The recently released 2009 eCampaigning Review Study analyzed the activity of more than 2 million supporters from 50 international nonprofit organizations and found that 60 percent of nonprofits present a compelling argument for supporters to take action, but 70 percent of them didn't send a follow-up e-mail within one month. What's more, 37 percent of nonprofits failed to send thank-you e-mails.
The study was sponsored by Advocacy Online, and researched and written by Duane Raymond of Fairsay and consultant Jess Day. FundRaising Success was able to catch up with Raymond and Day recently to find out what tips they think the study results hold for nonprofit organizations.
FundRaising Success: Given the findings that many organizations don't send follow up e-mails within a month and many don't send thank-you e-mails, what advice can you give to organizations?

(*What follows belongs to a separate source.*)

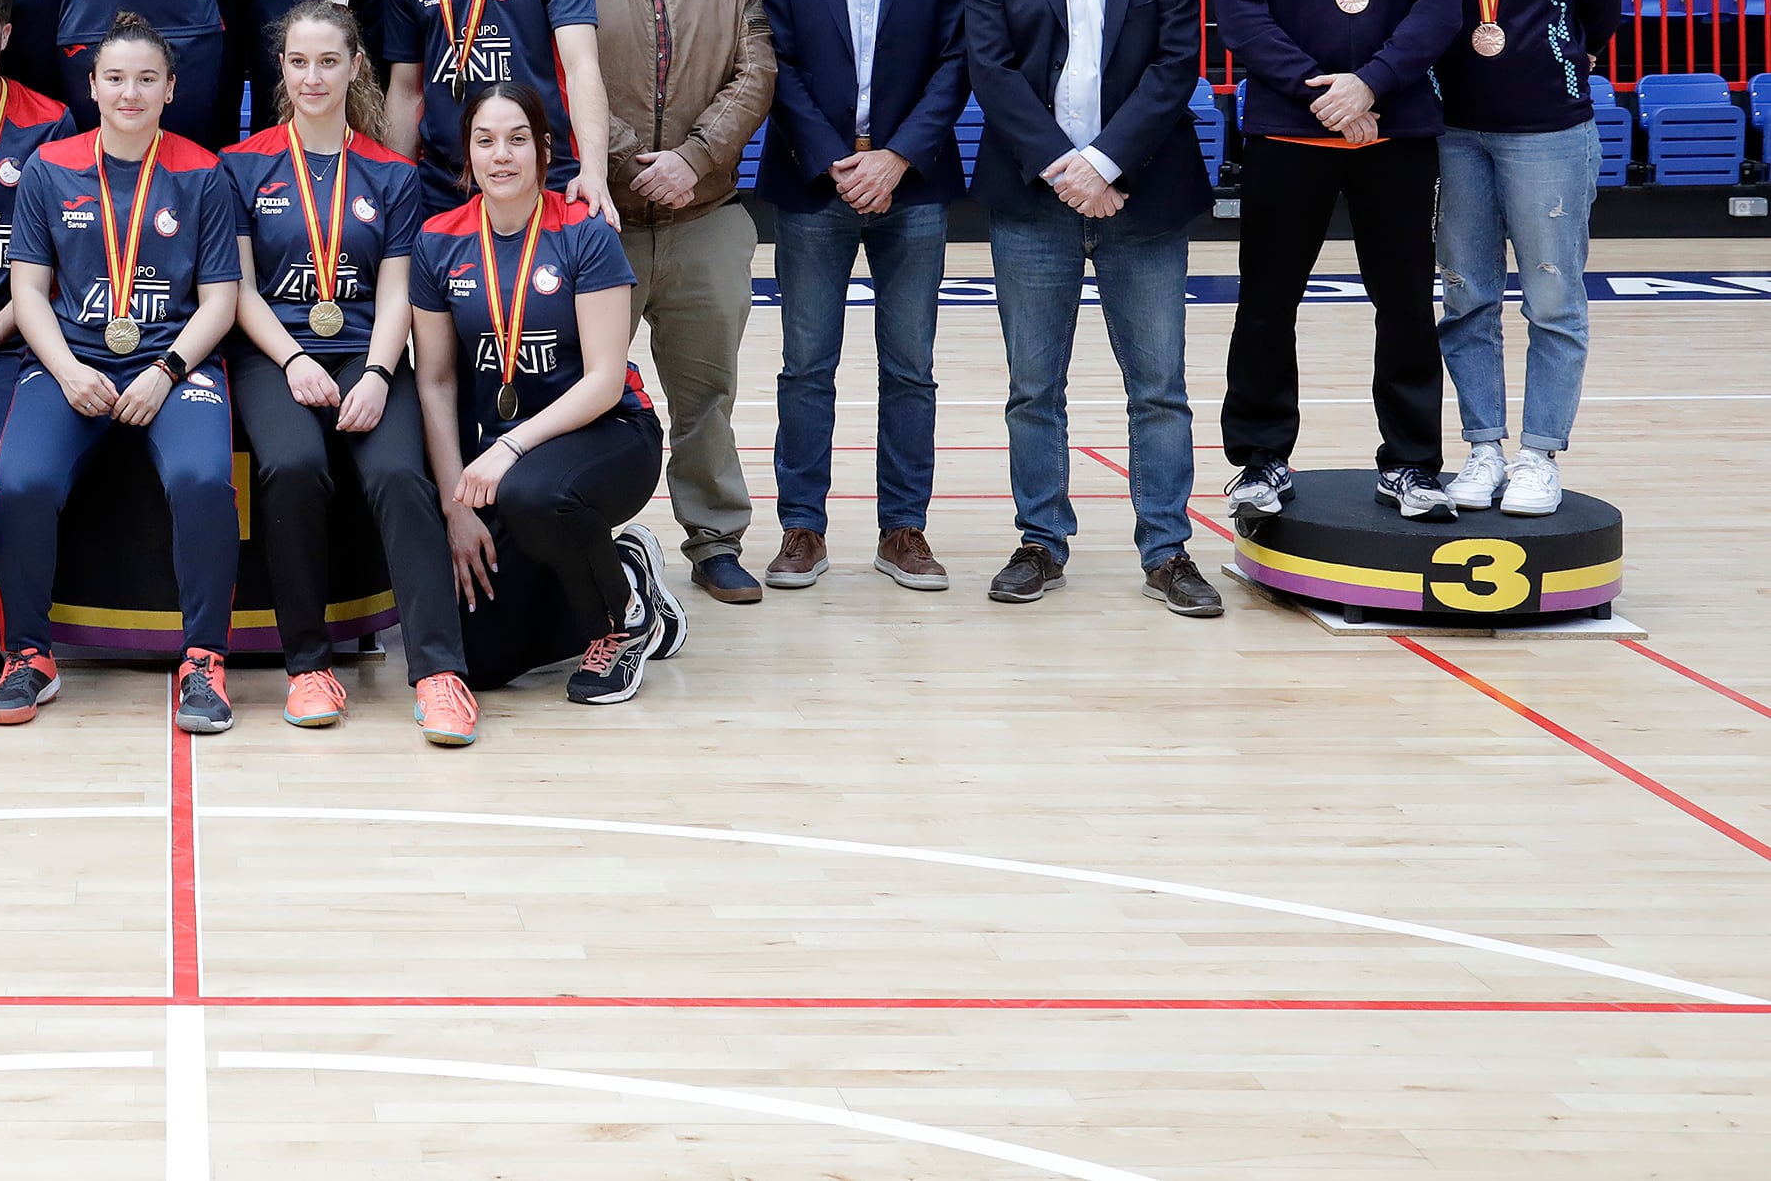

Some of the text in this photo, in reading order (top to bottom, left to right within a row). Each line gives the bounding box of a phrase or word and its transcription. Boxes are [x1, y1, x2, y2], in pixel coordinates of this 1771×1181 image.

[255, 197, 290, 208] Joma
[61, 210, 95, 222] Joma
[1429, 538, 1532, 612] 3

Duane Raymond: I'd generally suggest ensuring they have a planned supporter journey for campaigning supporters that includes a welcome route — and that they follow it. Planning and following a story arc over each campaign would help, too. Most organizations don't seem to put much planning into e-campaigning, and they should if they wish to be successful at it.
FS: Why is it important to send a follow-up e-mail within one month or send a thank-you e-mail?
DR: A thank-you e-mail — in conjunction with a thank-you page — are key opportunities for engaging supporters further at the time they are warmest to the organization (having just taken an action) and best placed to do something more (since you know exactly what they just did). Even if people don't opt-in for further e-mail updates, the thank-you email is still allowed to be sent and it is potentially (if you aren't good at engaging) the last e-mail you can send them! If 70 percent of people (from the performance benchmarks — but I view this as too high) only do one action, your thank-you e-mail and page may be the last opportunity to engage them — so it is highly strategic and thus why it should be used.
Jess Day: I'd second what Duane has said about the importance of follow-up. I was really surprised how many organizations were not using the opportunity to communicate with supporters at their most receptive moment — and of campaign planning. The very low figures (with Duane's caveat) for re-engagement and also for overlap between lists, suggest that there is a lot of scope for improvement here.
The only point I would add is that I noticed that very few organizations used thank-you pages and e-mails to reinforce basic campaign messages. Obviously, the one-month cut-off was fairly arbitrary, but I think many campaigners forget that their supporters are not living and breathing the campaign each day the way they are themselves. A month later (or even less!) an ordinary member of the public is going to have done and read a lot of other stuff and may well not remember very clearly the details of the action they took. Follow-up messages often assumed a lot of knowledge/recollection — this is especially a problem when campaigns have nontransparent names (e.g., see if you can guess what "Stop harming, start helping" is about!).